Work instruction: Return the records that follow, matching each one exactly.

Given data:
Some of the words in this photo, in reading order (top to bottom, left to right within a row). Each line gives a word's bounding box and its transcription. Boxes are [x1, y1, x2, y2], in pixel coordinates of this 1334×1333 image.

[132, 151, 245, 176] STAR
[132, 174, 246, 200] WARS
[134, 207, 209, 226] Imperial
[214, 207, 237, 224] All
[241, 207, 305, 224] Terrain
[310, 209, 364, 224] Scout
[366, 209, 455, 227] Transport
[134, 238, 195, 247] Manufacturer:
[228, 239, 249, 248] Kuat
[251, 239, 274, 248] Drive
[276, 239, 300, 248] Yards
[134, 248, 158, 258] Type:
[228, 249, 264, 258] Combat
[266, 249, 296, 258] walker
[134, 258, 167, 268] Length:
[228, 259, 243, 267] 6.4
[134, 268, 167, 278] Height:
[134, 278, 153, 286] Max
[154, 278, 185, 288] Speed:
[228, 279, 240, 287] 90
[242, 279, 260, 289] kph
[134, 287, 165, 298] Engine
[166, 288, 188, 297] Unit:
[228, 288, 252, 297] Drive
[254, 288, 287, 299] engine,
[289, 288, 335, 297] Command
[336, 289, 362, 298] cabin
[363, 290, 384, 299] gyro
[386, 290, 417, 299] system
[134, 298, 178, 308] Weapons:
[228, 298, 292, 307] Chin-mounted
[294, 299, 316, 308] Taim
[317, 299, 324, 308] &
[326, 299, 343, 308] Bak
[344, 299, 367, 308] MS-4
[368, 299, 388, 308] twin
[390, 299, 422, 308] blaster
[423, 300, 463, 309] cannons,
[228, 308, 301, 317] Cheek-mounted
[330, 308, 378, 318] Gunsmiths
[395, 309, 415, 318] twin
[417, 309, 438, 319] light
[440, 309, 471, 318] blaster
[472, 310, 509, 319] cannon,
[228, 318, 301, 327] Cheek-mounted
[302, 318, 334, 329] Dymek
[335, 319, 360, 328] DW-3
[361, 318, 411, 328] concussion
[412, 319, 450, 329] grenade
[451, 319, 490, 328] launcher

Finished task:
Some of the words in this photo, in reading order (top to bottom, left to right within a row). Each line gives a word's bounding box and its transcription. Boxes are [x1, y1, x2, y2], in pixel coordinates of this 1334×1333 image.

[132, 151, 245, 176] STAR
[132, 174, 246, 200] WARS
[134, 207, 209, 226] Imperial
[214, 207, 237, 224] All
[241, 207, 305, 224] Terrain
[310, 209, 364, 224] Scout
[366, 209, 455, 227] Transport
[134, 238, 195, 247] Manufacturer:
[228, 239, 249, 248] Kuat
[251, 239, 274, 248] Drive
[276, 239, 300, 248] Yards
[134, 248, 158, 258] Type:
[228, 249, 264, 258] Combat
[266, 249, 296, 258] walker
[134, 258, 167, 268] Length:
[228, 259, 243, 267] 6.4
[134, 268, 167, 278] Height:
[134, 278, 153, 286] Max
[154, 278, 185, 288] Speed:
[228, 279, 240, 287] 90
[242, 279, 260, 289] kph
[134, 287, 165, 298] Engine
[166, 288, 188, 297] Unit:
[228, 288, 252, 297] Drive
[254, 288, 287, 299] engine,
[289, 288, 335, 297] Command
[336, 289, 362, 298] cabin
[363, 290, 384, 299] gyro
[386, 290, 417, 299] system
[134, 298, 178, 308] Weapons:
[228, 298, 292, 307] Chin-mounted
[294, 299, 316, 308] Taim
[317, 299, 324, 308] &
[326, 299, 343, 308] Bak
[344, 299, 367, 308] MS-4
[368, 299, 388, 308] twin
[390, 299, 422, 308] blaster
[423, 300, 463, 309] cannons,
[228, 308, 301, 317] Cheek-mounted
[330, 308, 378, 318] Gunsmiths
[395, 309, 415, 318] twin
[417, 309, 438, 319] light
[440, 309, 471, 318] blaster
[472, 310, 509, 319] cannon,
[228, 318, 301, 327] Cheek-mounted
[302, 318, 334, 329] Dymek
[335, 319, 360, 328] DW-3
[361, 318, 411, 328] concussion
[412, 319, 450, 329] grenade
[451, 319, 490, 328] launcher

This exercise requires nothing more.